A propos de : Ranabir Samaddar, A Postcolonial Enquiry on Europe’s Debt and Migration Crisis, Singapour, Springer Science+Business Media, 2016. [Une interrogation postcoloniale sur la dette de l’Europe et la crise migratoire].

« Chacun doit être compté, mais seulement s’il/elle compte. Les migrants morts ne comptent pas. La femme qui s’est noyée en donnant naissance n’était pas un sujet biométrique, elle n’était qu’un sujet biodégradable » (Frances Stonor Saunders)[1].

Voici, de la plume du politologue Ranabir Samaddar, un livre nécessaire et salutaire pour les lecteurs européens, qu’ils auraient tout intérêt à lire. Le projet d’étudier et de penser sous un angle postcolonial stratégique et non-idéologique la relation entre la crise dite migratoire en Europe et la crise financière presque contemporaine (véritablement, le destin de la Grèce) est une idée brillante.

Un regard décentré sur l’Europe

Il faut croire qu’il aura fallu un regard décentré, un regard de biais et de l’extérieur, pour nous ouvrir les yeux.

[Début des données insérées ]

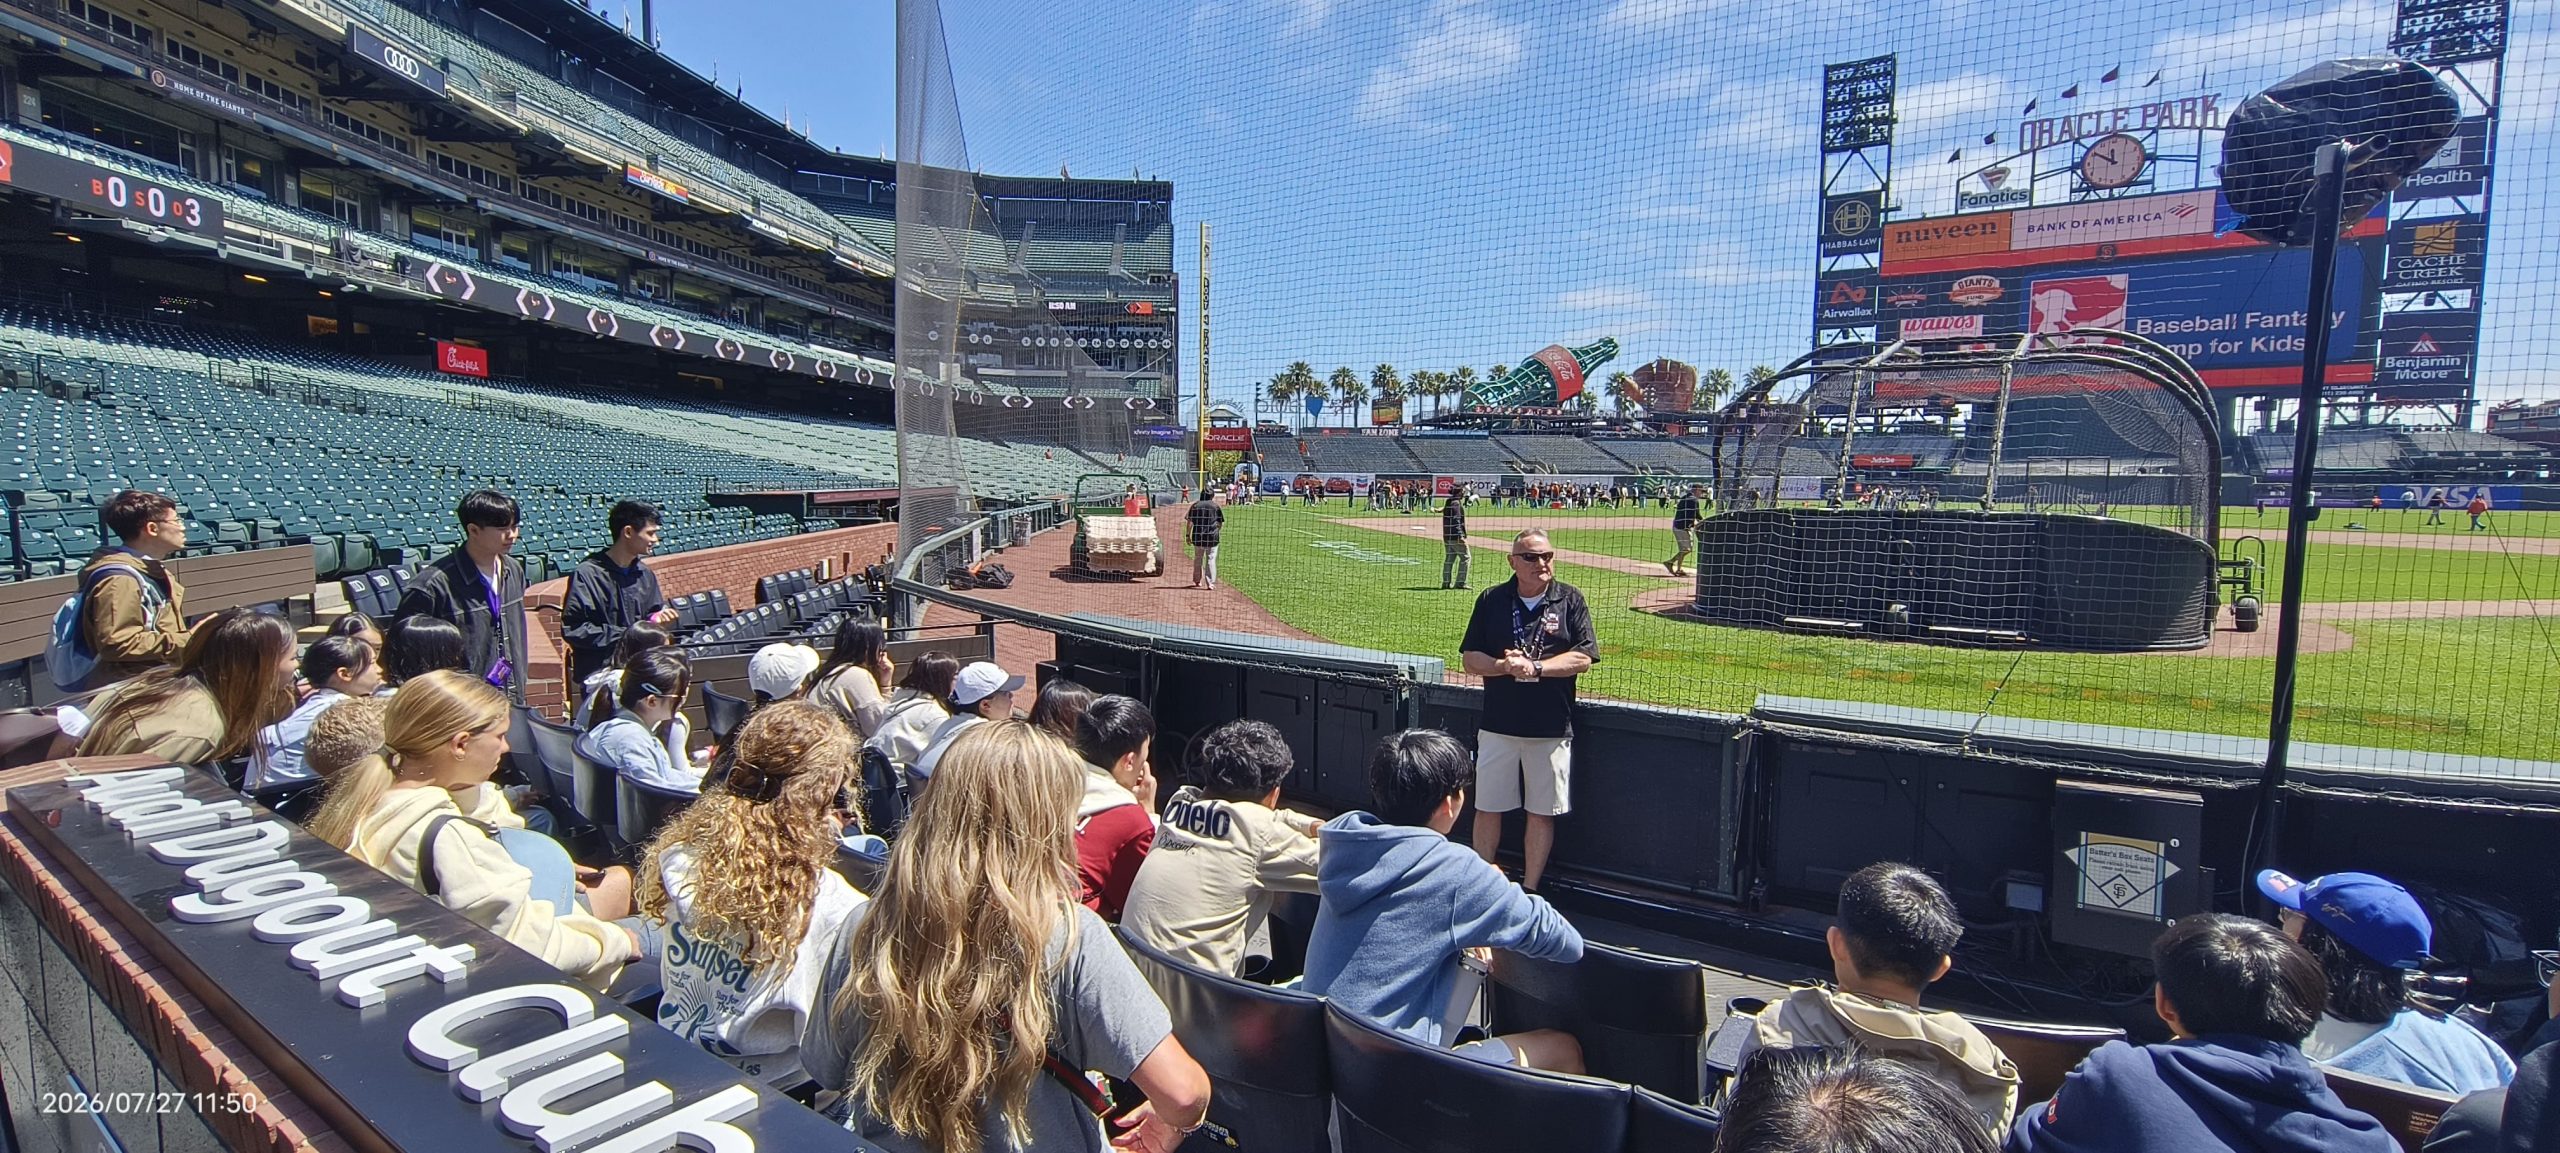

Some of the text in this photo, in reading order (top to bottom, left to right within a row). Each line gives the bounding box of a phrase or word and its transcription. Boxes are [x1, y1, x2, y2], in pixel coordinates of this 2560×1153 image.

[174, 81, 245, 115] HOME OF THE GIANTS
[2020, 93, 2222, 154] ORACLE PARK
[2406, 169, 2472, 187] Health
[91, 179, 104, 196] B
[108, 176, 127, 207] 0
[134, 191, 146, 207] S
[148, 187, 166, 217] 0
[185, 198, 201, 227] 3
[1960, 188, 2029, 208] Fanatics
[1896, 220, 1998, 244] nuveen
[2028, 212, 2163, 233] BANK OF AMERICA
[1824, 237, 1878, 250] HABBAS LAW
[2397, 254, 2467, 269] CACHE
[2398, 266, 2464, 280] CREEK
[1957, 278, 1994, 289] GIANTS
[1823, 307, 1873, 319] Airwallex
[2136, 309, 2346, 336] Baseball Fantay
[2209, 337, 2244, 355] for
[2251, 334, 2306, 353] Kids
[2384, 356, 2461, 370] Benjamin
[2394, 369, 2449, 380] Moore
[1361, 428, 1399, 437] FAN ZONE
[1162, 801, 1231, 838] odelo
[2089, 847, 2155, 863] Batter's Box Seats
[148, 819, 476, 1008] Dugout
[668, 921, 754, 993] Sunset

Ce qui saute aux yeux n’est en effet pas toujours visible vu de trop près. Ranabir Samaddar est professeur émérite de la Chaire sur les migrations et sur les études des migrations forcées[2] du Calcutta Research Group[3], important institut d’études sociales, historiques et politiques de Calcutta qu’il a cofondé. Il a en effet beaucoup travaillé sur les réfugiés par le passé. Invité régulièrement pour des conférences, séminaires et recherches en Europe, il connaît très bien cette dernière également[4].

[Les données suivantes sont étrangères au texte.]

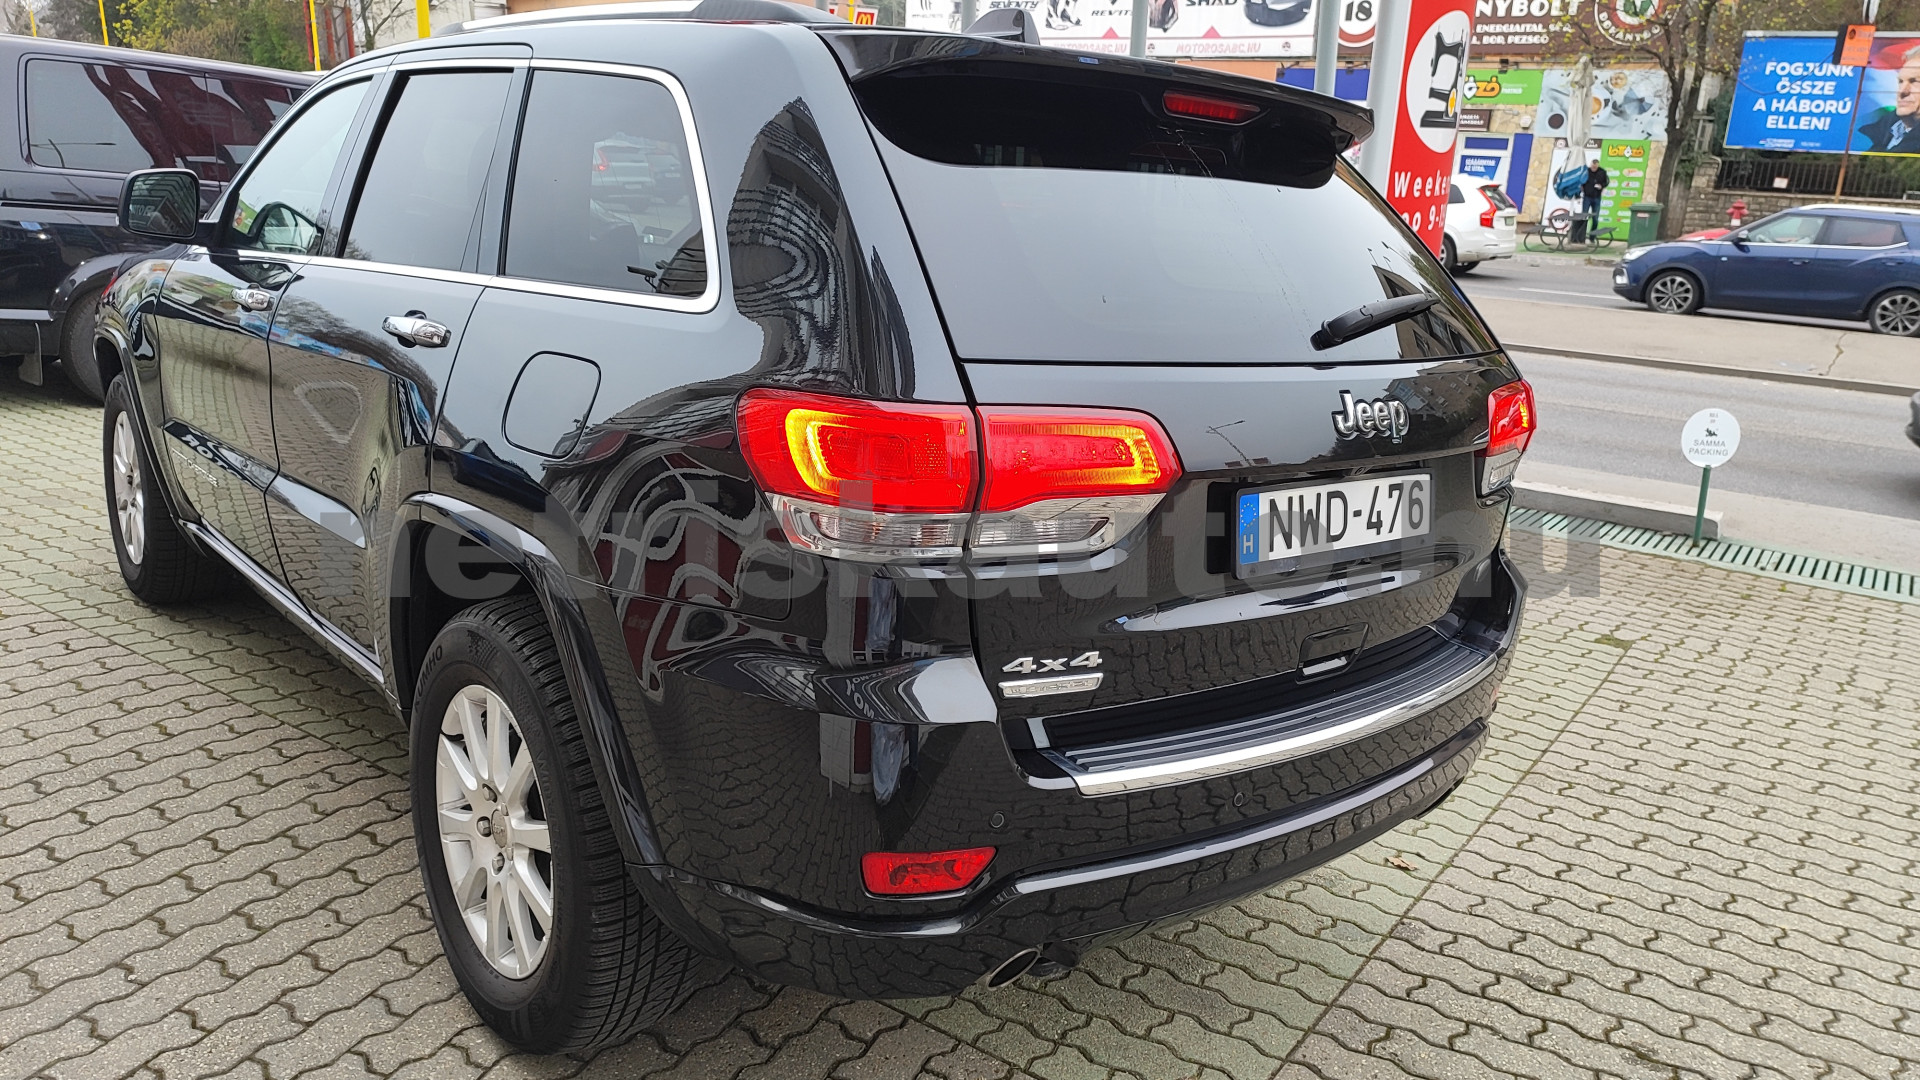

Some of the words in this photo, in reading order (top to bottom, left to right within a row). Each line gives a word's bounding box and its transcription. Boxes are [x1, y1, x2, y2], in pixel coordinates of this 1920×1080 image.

[989, 0, 1038, 9] SEVENTY
[1345, 1, 1373, 21] 18
[1765, 61, 1854, 77] FOGJUNK
[1775, 77, 1837, 95] ÖSSZE
[1752, 98, 1767, 111] A
[1770, 96, 1852, 114] HÁBORÚ
[1766, 115, 1831, 131] ELLEN!
[1332, 390, 1409, 444] Jeep
[1693, 439, 1726, 447] SAMMA
[1269, 480, 1424, 553] NWD-476
[1243, 534, 1254, 554] H
[1002, 651, 1103, 674] 4x4

Ce livre aborde ces sujets par plusieurs biais : l’économie, la politique, la sociologie, l’histoire (aussi bien de l’Europe que des migrations). Il pourra en surprendre certains, en particulier ceux qui, baignant dans l’hypocrisie européenne actuelle à propos des migrant·e·s et refugié·e·s (il s’agit justement de ne pas séparer ces catégories), refusent encore de considérer un tableau plus large. Car nos horizons sont souvent bouchés par les frontières nationales et celles de l’Europe élargie qui, d’ailleurs, ne sont pas très claires (jusqu’où ira, irait l’Europe ?), alors que l’Europe a déjà bafoué la possibilité de passage de ses frontières internes.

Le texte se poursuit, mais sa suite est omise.